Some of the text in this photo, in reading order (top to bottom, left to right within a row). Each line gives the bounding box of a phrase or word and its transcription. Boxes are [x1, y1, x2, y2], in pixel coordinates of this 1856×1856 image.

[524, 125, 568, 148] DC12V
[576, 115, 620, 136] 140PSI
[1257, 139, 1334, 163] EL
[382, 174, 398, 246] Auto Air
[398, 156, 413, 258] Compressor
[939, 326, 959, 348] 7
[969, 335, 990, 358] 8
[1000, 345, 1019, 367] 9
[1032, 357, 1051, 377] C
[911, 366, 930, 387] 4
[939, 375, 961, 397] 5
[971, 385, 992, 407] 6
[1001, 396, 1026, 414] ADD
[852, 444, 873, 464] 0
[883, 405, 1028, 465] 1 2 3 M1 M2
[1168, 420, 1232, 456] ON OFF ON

──────────

__Exercise__.
Return the data above in full, keeping each line exactly as it stands.

__Task result__.
Some of the text in this photo, in reading order (top to bottom, left to right within a row). Each line gives the bounding box of a phrase or word and its transcription. Boxes are [x1, y1, x2, y2], in pixel coordinates of this 1856×1856 image.

[524, 125, 568, 148] DC12V
[576, 115, 620, 136] 140PSI
[1257, 139, 1334, 163] EL
[382, 174, 398, 246] Auto Air
[398, 156, 413, 258] Compressor
[939, 326, 959, 348] 7
[969, 335, 990, 358] 8
[1000, 345, 1019, 367] 9
[1032, 357, 1051, 377] C
[911, 366, 930, 387] 4
[939, 375, 961, 397] 5
[971, 385, 992, 407] 6
[1001, 396, 1026, 414] ADD
[852, 444, 873, 464] 0
[883, 405, 1028, 465] 1 2 3 M1 M2
[1168, 420, 1232, 456] ON OFF ON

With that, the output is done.